Work request: Reproduce the entries word for word but drop every picture.

[Annotated photo localization data]
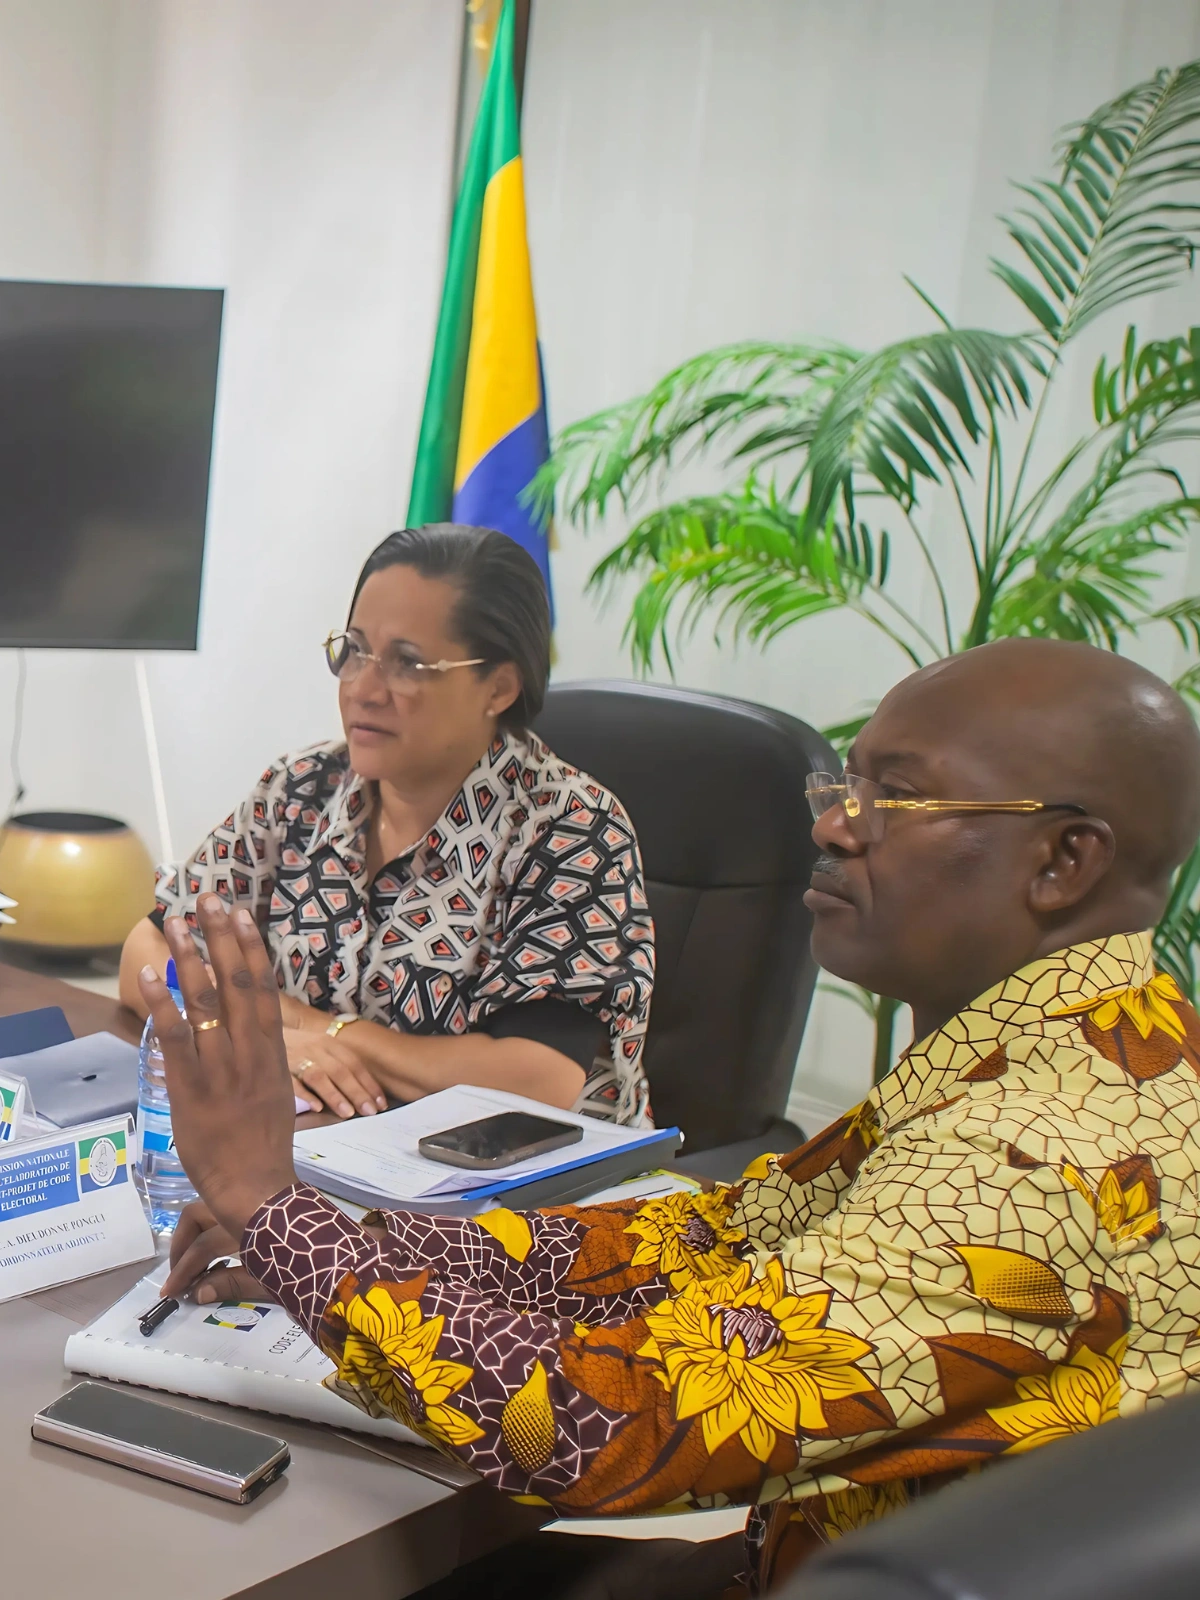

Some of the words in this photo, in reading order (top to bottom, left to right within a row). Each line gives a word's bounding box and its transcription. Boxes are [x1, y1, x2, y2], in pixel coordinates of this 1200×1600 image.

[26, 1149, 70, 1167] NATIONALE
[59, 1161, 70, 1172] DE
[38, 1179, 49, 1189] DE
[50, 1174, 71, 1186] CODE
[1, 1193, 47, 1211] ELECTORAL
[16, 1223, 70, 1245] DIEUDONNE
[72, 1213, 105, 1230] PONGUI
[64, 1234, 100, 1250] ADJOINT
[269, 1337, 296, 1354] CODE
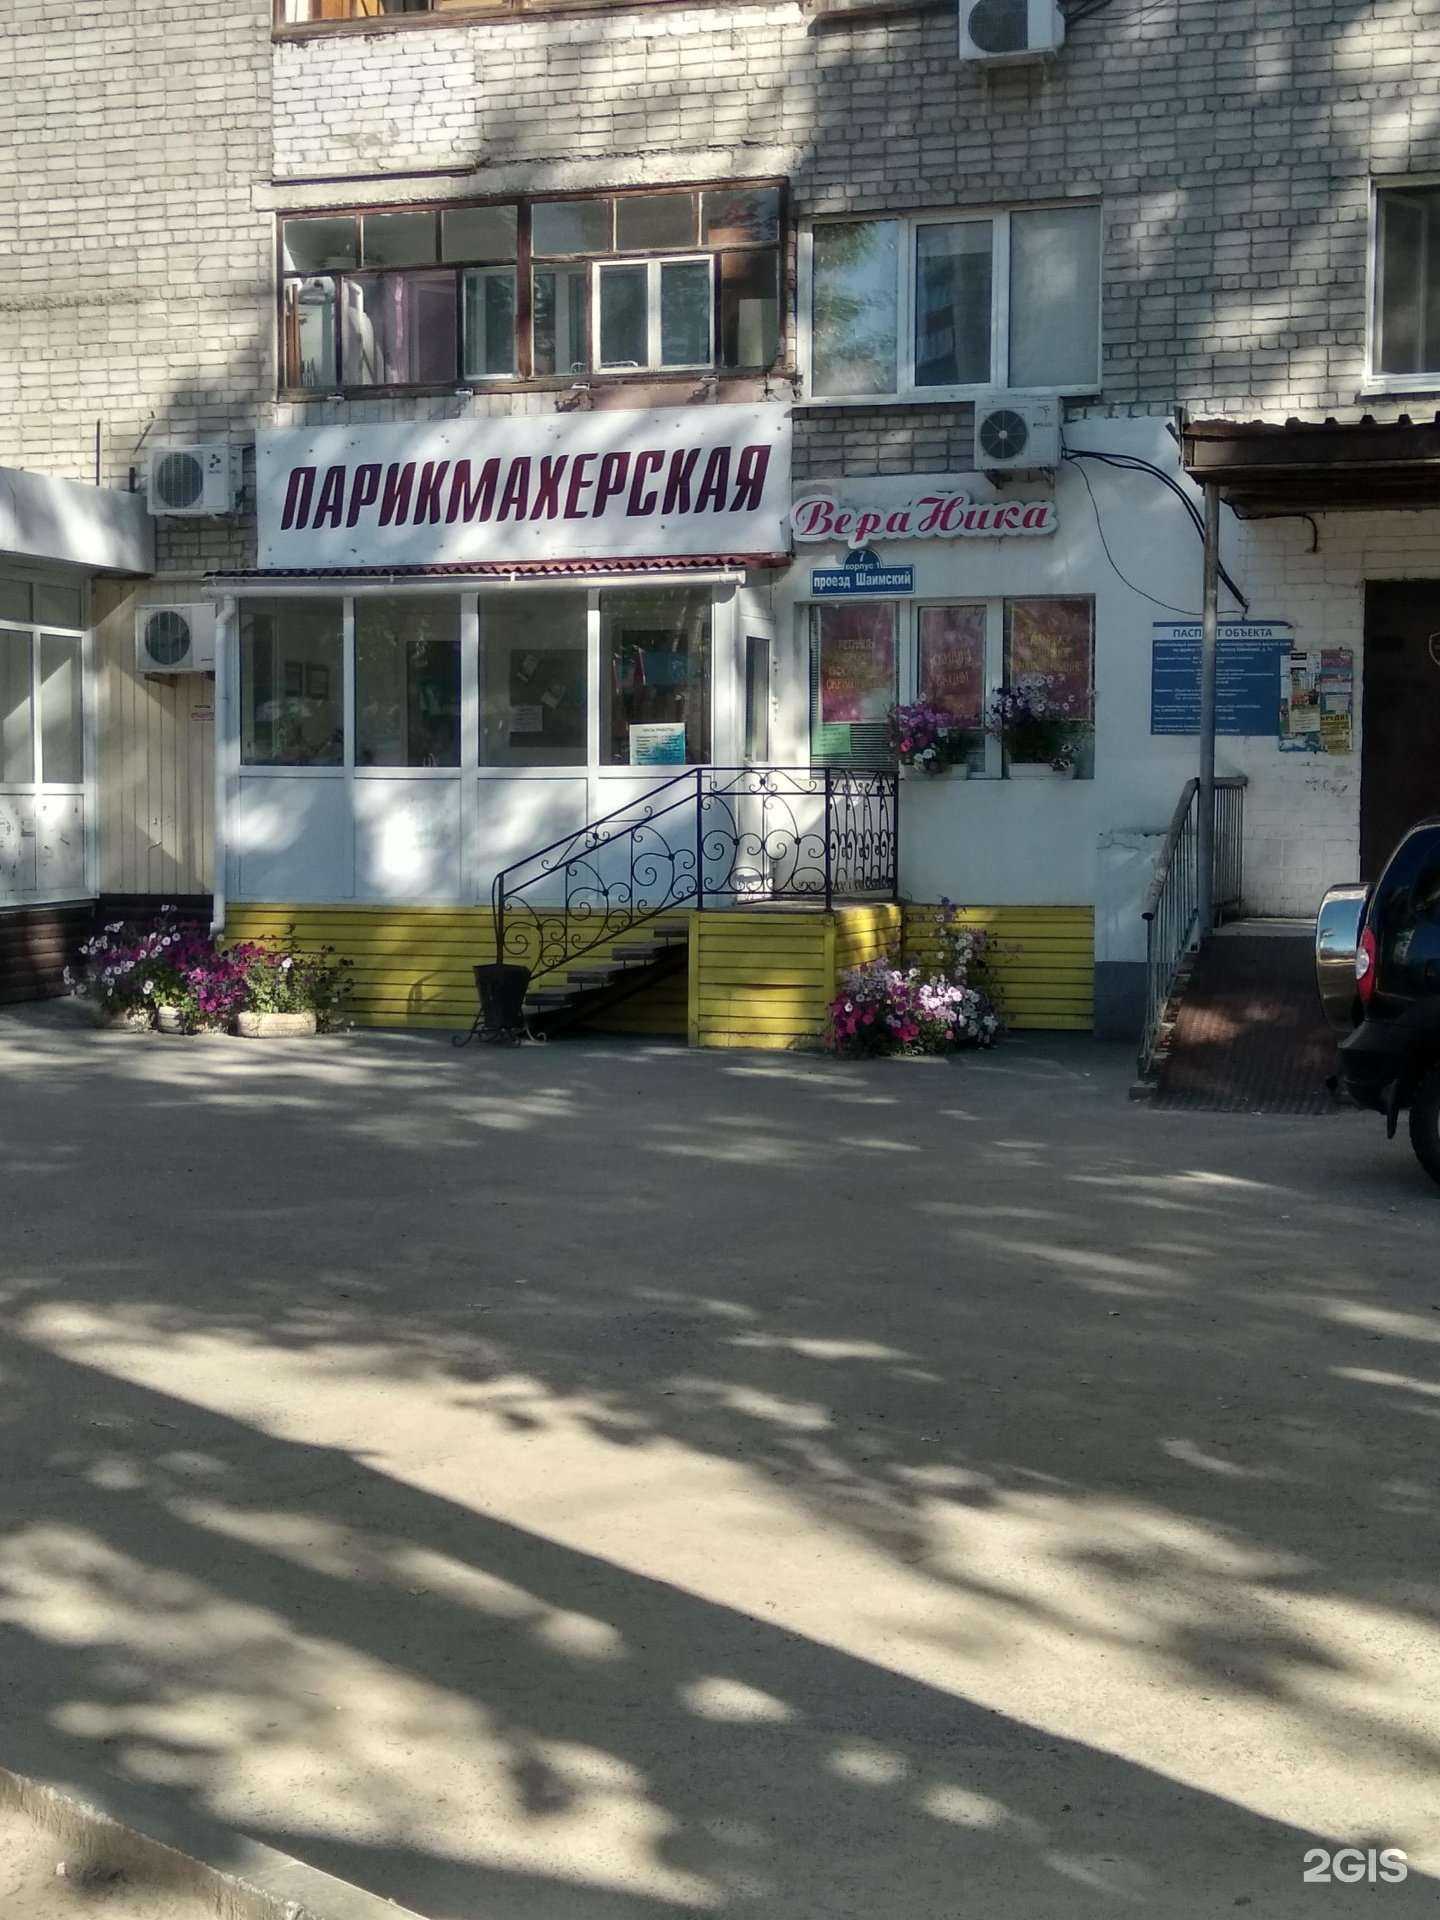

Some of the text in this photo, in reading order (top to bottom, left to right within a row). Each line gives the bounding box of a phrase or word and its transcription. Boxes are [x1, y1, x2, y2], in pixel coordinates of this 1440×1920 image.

Answer to this problem:
Some of the words in this photo, in reading order (top to bottom, left to right within a row). Each line gives a word's bounding box and its transcription. Boxes are [x1, y1, x2, y2], in pixel coordinates of this 1200×1600 image.

[26, 1149, 70, 1167] NATIONALE
[59, 1161, 70, 1172] DE
[38, 1179, 49, 1189] DE
[50, 1174, 71, 1186] CODE
[1, 1193, 47, 1211] ELECTORAL
[16, 1223, 70, 1245] DIEUDONNE
[72, 1213, 105, 1230] PONGUI
[64, 1234, 100, 1250] ADJOINT
[269, 1337, 296, 1354] CODE

Some of the text in this photo, in reading order (top to bottom, left to right within a row). Each line gives the bounding box of a phrase or word and its transcription. Boxes are [x1, y1, x2, y2], in pixel coordinates of this 1440×1920 image.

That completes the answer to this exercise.